FLS were cultured in 24-well plate (5.0× 105/mL cells/ well). After cells reached to 60%-80%, the FLS treated with bpv, PTEN-RNAi or PTEN-GV141 for 24 h. And then, cells were serum deprived and scratched with a pipette tip. After 48 h and the cells were fixed with methanol, stained with crystal violet, and photographed by Olympus BX-51 microscope (Olympus).

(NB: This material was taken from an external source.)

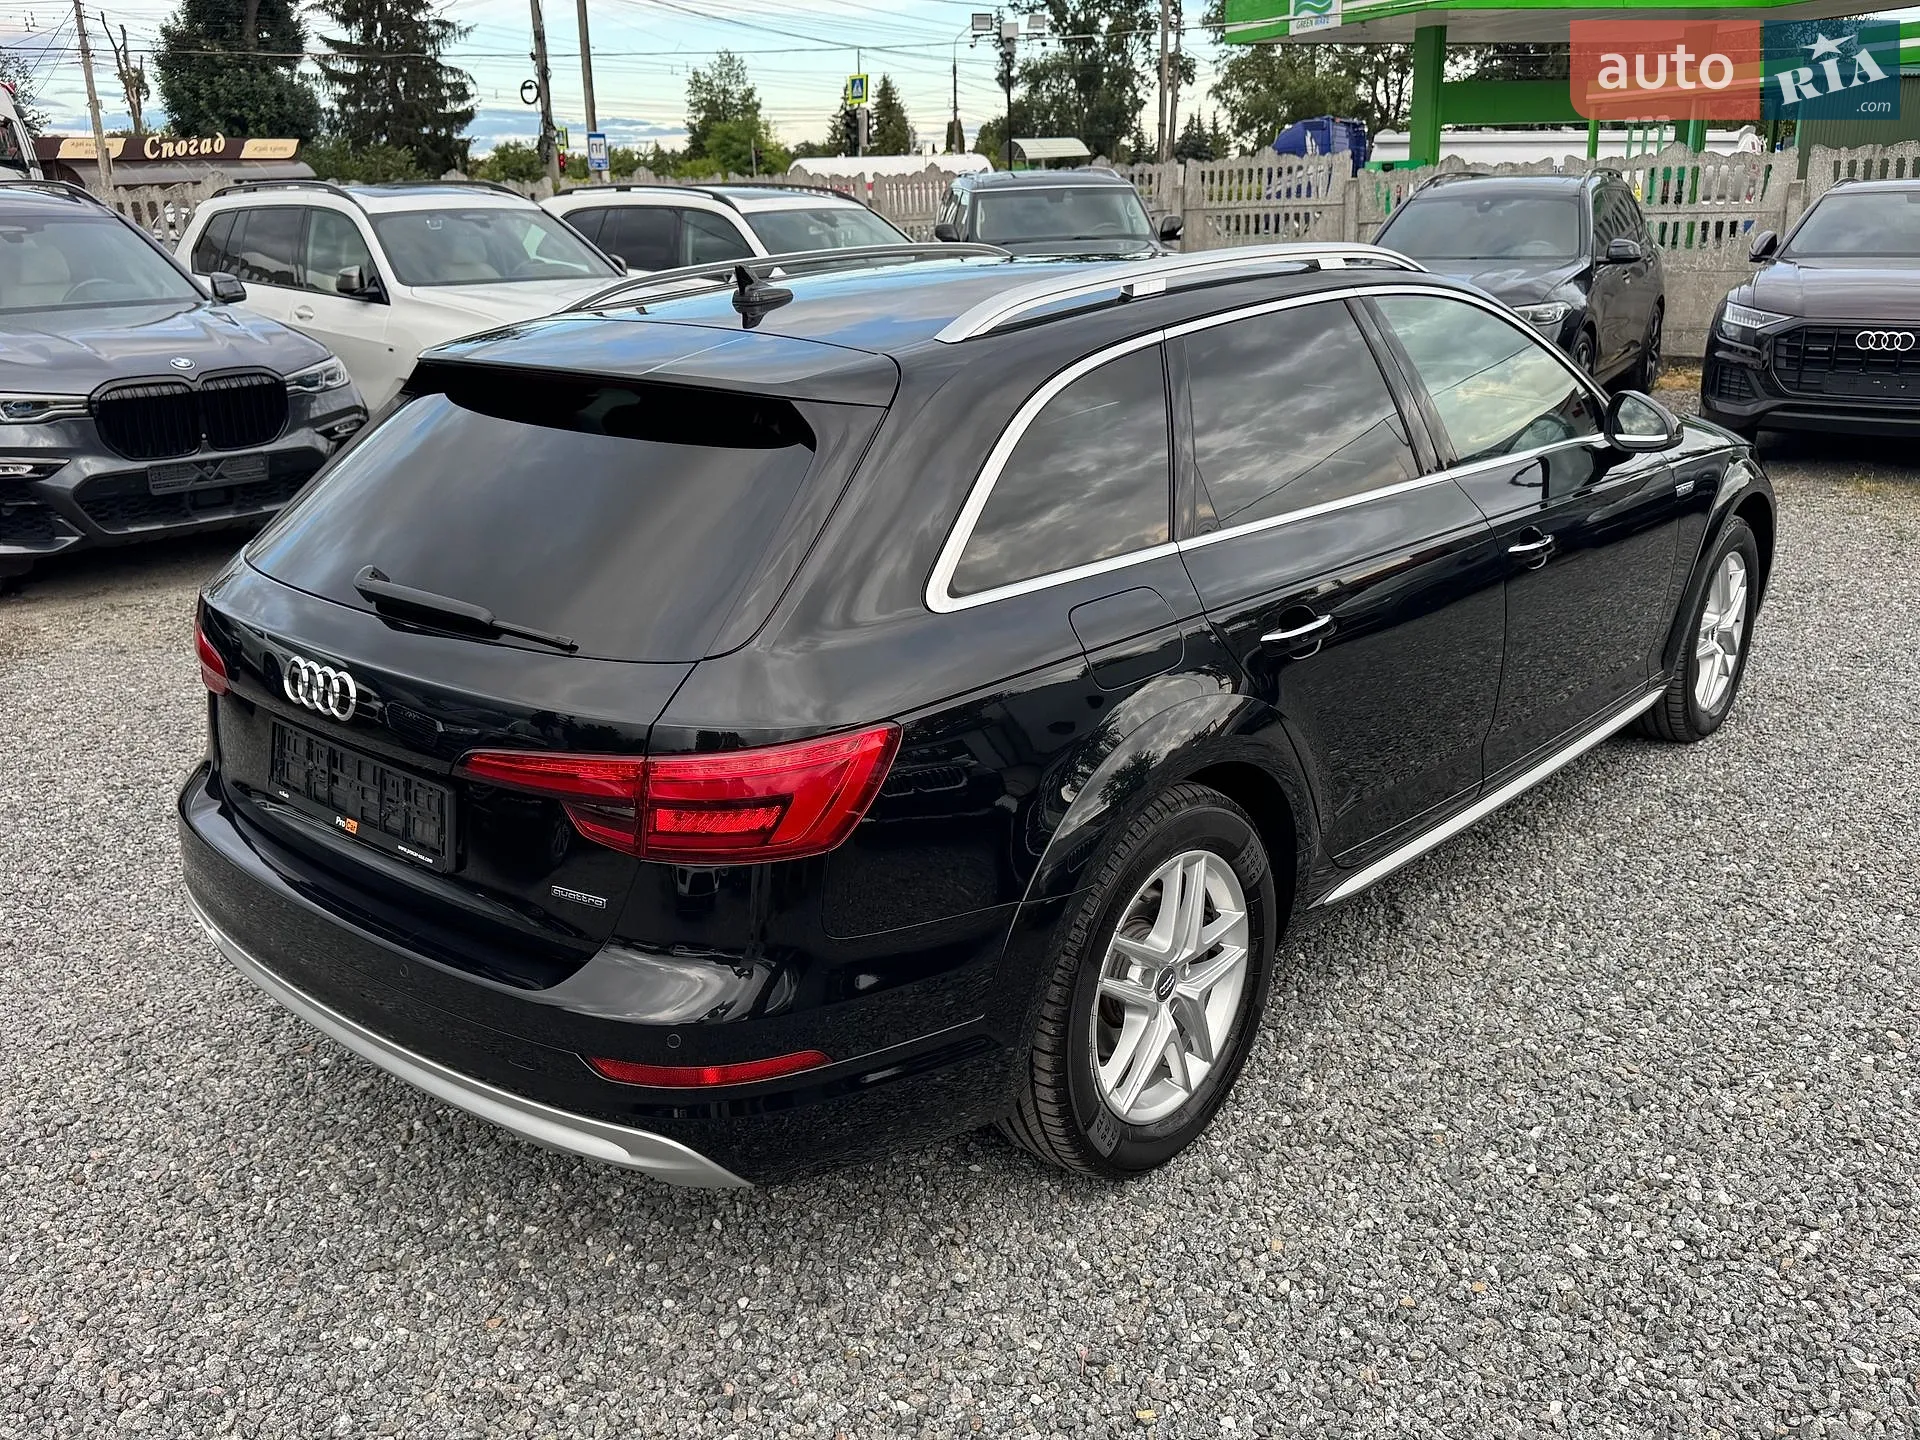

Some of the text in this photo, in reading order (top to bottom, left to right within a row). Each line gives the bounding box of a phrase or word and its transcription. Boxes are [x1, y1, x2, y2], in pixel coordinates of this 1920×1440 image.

[1296, 18, 1313, 29] GREEN
[143, 132, 226, 160] Спогад
[552, 888, 603, 907] quattro

Chromatin Immunoprecipitation (ChIP)
The SimpleChIP® Kit (Cell Signaling Technology) was performed according to manufacturer's instructions. After FLS were cross-linked in 1% formaldehyde and lysed, it was immunoprecipitated using anti-DNMT1 monoclonal antibody overnight at 4 °C, and incubated with ChIP-grade Protein A/G Plus agarose beads for 2 h. After washing with three different buffers, the samples reverse cross-linked at 65 °C for 2 h, and detected ChIP signals by q-PCR.
Data are presented as the means ± standard deviation and analyzed using SPSS16.0 software. Statistical significances were determined by one-way ANOVA with a post-hoc Dunnett’s test. In all cases, values of P<0.05 were considered to be statistically significant.